[Spatial localization data]
Content starts

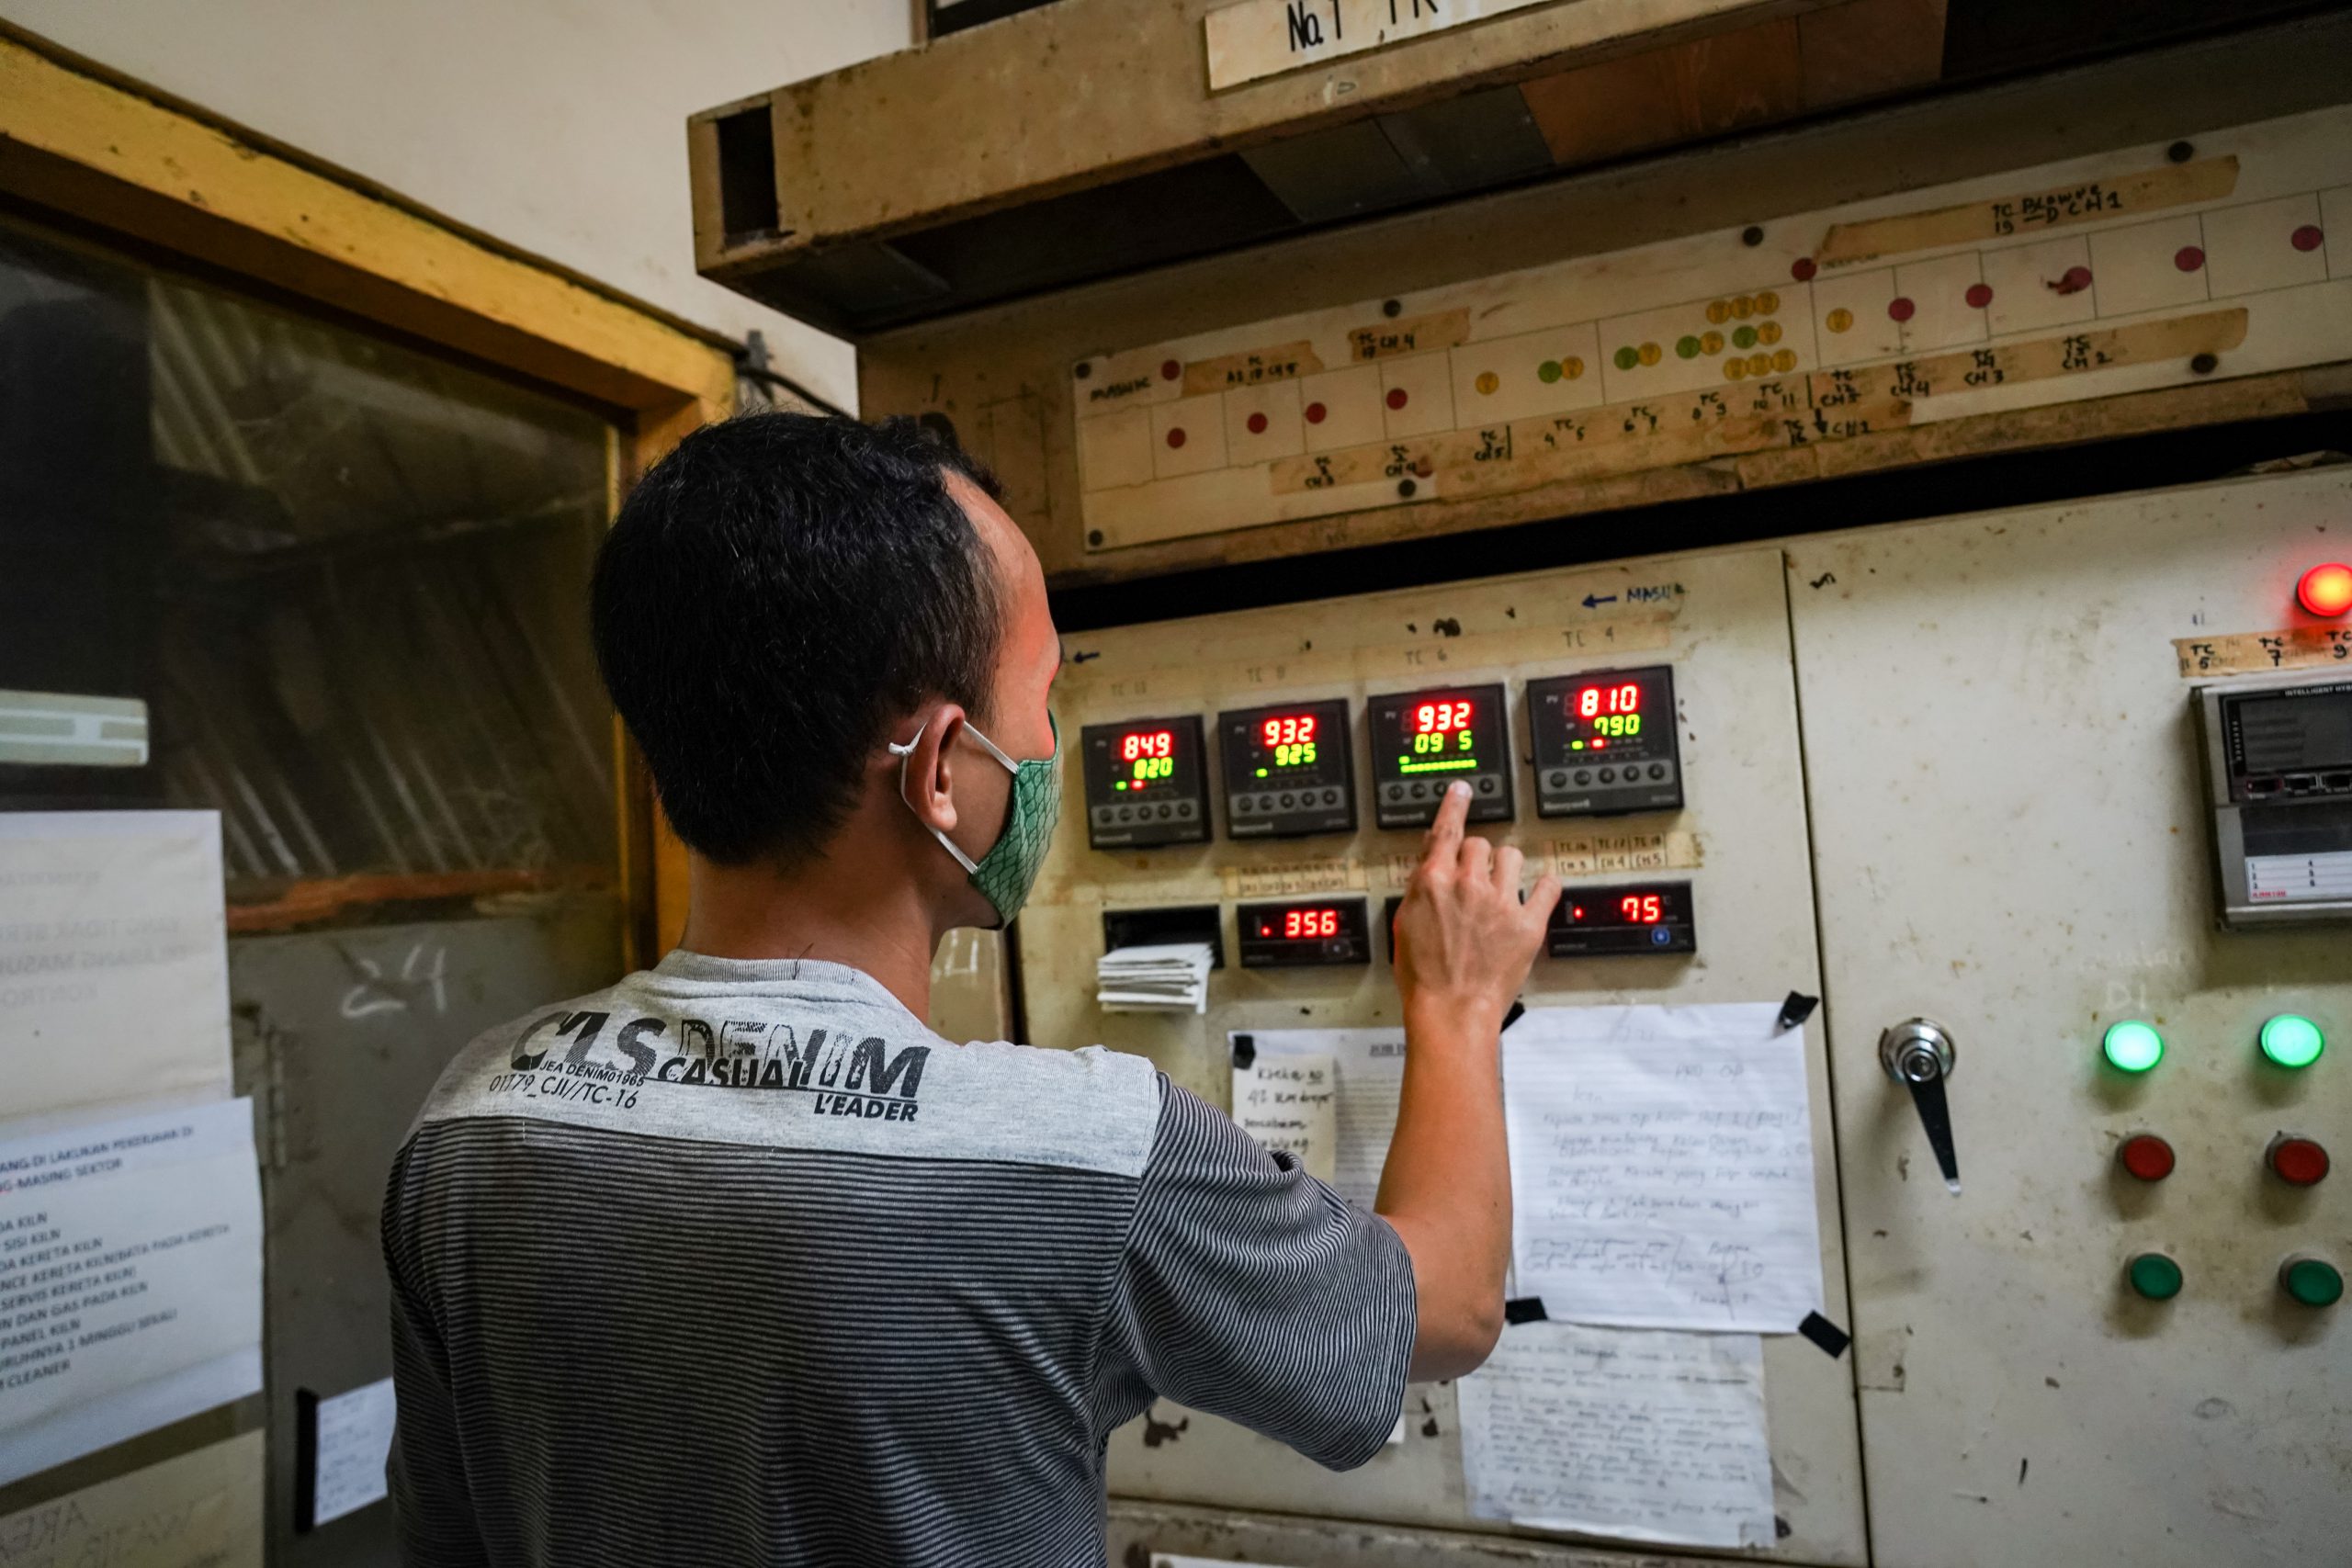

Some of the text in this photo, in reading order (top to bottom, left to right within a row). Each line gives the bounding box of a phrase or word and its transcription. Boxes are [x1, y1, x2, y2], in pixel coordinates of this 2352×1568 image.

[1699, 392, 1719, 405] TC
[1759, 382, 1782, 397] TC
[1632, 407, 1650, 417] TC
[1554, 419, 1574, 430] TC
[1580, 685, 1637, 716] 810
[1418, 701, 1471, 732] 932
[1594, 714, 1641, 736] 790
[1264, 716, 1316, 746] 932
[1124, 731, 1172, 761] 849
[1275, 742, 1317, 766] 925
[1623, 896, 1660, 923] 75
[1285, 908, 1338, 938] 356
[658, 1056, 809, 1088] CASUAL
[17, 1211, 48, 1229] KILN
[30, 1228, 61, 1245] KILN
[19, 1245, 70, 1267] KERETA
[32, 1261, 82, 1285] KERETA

Content ends

▸ EXERCISE REQUIREMENTS:
Images must not appear; print each record precisely as it reads.

▸ SOLUTION FOR THIS TASK:
Some of the text in this photo, in reading order (top to bottom, left to right within a row). Each line gives the bounding box of a phrase or word and its transcription. Boxes are [x1, y1, x2, y2], in pixel coordinates of this 2352×1568 image.

[1699, 392, 1719, 405] TC
[1759, 382, 1782, 397] TC
[1632, 407, 1650, 417] TC
[1554, 419, 1574, 430] TC
[1580, 685, 1637, 716] 810
[1418, 701, 1471, 732] 932
[1594, 714, 1641, 736] 790
[1264, 716, 1316, 746] 932
[1124, 731, 1172, 761] 849
[1275, 742, 1317, 766] 925
[1623, 896, 1660, 923] 75
[1285, 908, 1338, 938] 356
[658, 1056, 809, 1088] CASUAL
[17, 1211, 48, 1229] KILN
[30, 1228, 61, 1245] KILN
[19, 1245, 70, 1267] KERETA
[32, 1261, 82, 1285] KERETA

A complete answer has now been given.